Car mieux vaut prévenir que guérir : mettre hors d’état de nuire les réseaux très structurés qui se cachent derrière ces arnaques est compliqué. « Ils sont souvent dirigés depuis l’étranger, notamment l’Afrique de l’Ouest, avec toute une chaîne de prête-noms ou de complices installés jusqu’en France, décrypte la chef de l’OCLCTIC, Valérie Maldonado. À charge pour ces derniers de faire remonter l’argent jusqu’à la tête du réseau en échange d’une commission. Lutter contre ce fléau passe forcément par la coopération avec les États qui l’hébergent. » Mais même si cette coopération progresse, les frontières demeurent d’efficaces pare-feux pour les voyous. L’une des raisons qui expliquent d’ailleurs sans doute pourquoi les plaintes des victimes sont, la plupart du temps, classées, sans même qu’une enquête soit menée…

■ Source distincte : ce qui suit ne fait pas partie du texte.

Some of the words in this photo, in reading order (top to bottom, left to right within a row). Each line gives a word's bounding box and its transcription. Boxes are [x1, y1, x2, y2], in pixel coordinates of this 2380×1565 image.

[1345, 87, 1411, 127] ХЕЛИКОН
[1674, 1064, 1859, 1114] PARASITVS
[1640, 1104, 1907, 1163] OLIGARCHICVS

Pour éviter toute mauvaise surprise, le premier réflexe est par conséquent de se montrer méfiant face aux offres exceptionnelles. De stopper net toute relation avec son interlocuteur dès le moindre doute (par exemple, le vendeur refuse de remettre en mains propres l’article acheté). Bref, de ne pas croire aux trop belles histoires. Et si les annonces et les courriels des escrocs sont généralement truffés de fautes d’orthographe et de français, cela ne suffit pas à présumer d’une arnaque. Les plus honnêtes en contiennent elles aussi leur lot !

Prévention

Les bons réflexes

- Se méfier des annonces trop alléchantes. Il y a de gros risques pour que l’annonce proposant un appartement de 137 m2 en plein Quartier latin, à Paris, pour un loyer mensuel de 1 000 euros soit une arnaque. Dans ce quartier, le moindre petit studio est en effet proposé à au moins 600 euros par mois ! Il faut toujours visiter l’appartement avant de verser la moindre somme d’argent. Le conseil vaut également pour une voiture mise en vente par petite annonce : l’acheteur doit pouvoir la voir avant toute transaction.

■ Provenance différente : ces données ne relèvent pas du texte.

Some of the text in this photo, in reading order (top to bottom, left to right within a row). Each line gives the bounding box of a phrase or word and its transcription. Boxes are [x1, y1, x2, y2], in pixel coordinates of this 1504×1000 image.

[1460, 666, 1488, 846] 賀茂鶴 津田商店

- Stopper tout contact dès que les contretemps s’accumulent. Depuis la mise en ligne de l’annonce, le vendeur de la voiture indique être parti à l’étranger pour « raisons professionnelles » ? La date de livraison du véhicule est sans cesse reportée, etc. ? Pas la peine d’insister : il s’agit probablement d’une escroquerie.

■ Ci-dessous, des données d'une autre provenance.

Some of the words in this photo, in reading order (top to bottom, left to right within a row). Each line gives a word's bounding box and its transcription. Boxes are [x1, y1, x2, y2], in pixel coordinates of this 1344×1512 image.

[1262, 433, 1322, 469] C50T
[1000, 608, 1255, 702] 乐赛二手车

- Éviter les solutions de transfert d’argent rapide. Les mandats-cash et autres systèmes de transfert d’argent rapide type Western Union ont l’avantage de leur souplesse. Néanmoins, ces solutions n’ont pas été conçues pour être utilisées comme moyen de paiement d’une transaction (préférez le chèque). Elles permettent le transfert d’argent liquide rapide entre deux personnes qui se connaissent. Si, malgré tout, le mandat est employé pour régler à distance un achat, ne jamais donner le code confidentiel permettant au destinataire de retirer les fonds avant la remise effective du produit (ou avant d’avoir pu visiter le logement). L’expéditeur du mandat doit aussi se rappeler que jamais la Poste ni Western Union ne le contactera (par SMS, courriel, connexion à un site Internet…) pour lui demander la communication de ce code confidentiel. C’est en fait un moyen utilisé par les escrocs pour le récupérer frauduleusement.

- Organiser une rencontre entre acheteur et vendeur. Sur des sites comme Leboncoin.fr, les particuliers mettent toutes sortes d’objets en vente, de la voiture au téléphone mobile. « Dans la mesure du possible, il faut que le bien soit remis en mains propres à l’acheteur, conseille Olivier Aizac, son directeur général. Outre la sécurisation de la transaction, cela permet également de fixer le prix le plus juste, qui n’est pas forcément celui indiqué dans la petite annonce ». Par ailleurs, il est préférable d’entrer en contact avec des vendeurs déjà identifiés sur la Toile : sur de nombreux sites, les particuliers qui mettent régulièrement en vente des articles sont notés et « commentés » par les acheteurs.

Bon à savoir

Le ministère de l’Intérieur a mis en place un service qui permet de signaler toutes les tentatives d’escroquerie. Ce signalement peut se faire par Internet (www.internet-signalement.gouv) ou par téléphone (0811 02 02 17, coût d’un appel local).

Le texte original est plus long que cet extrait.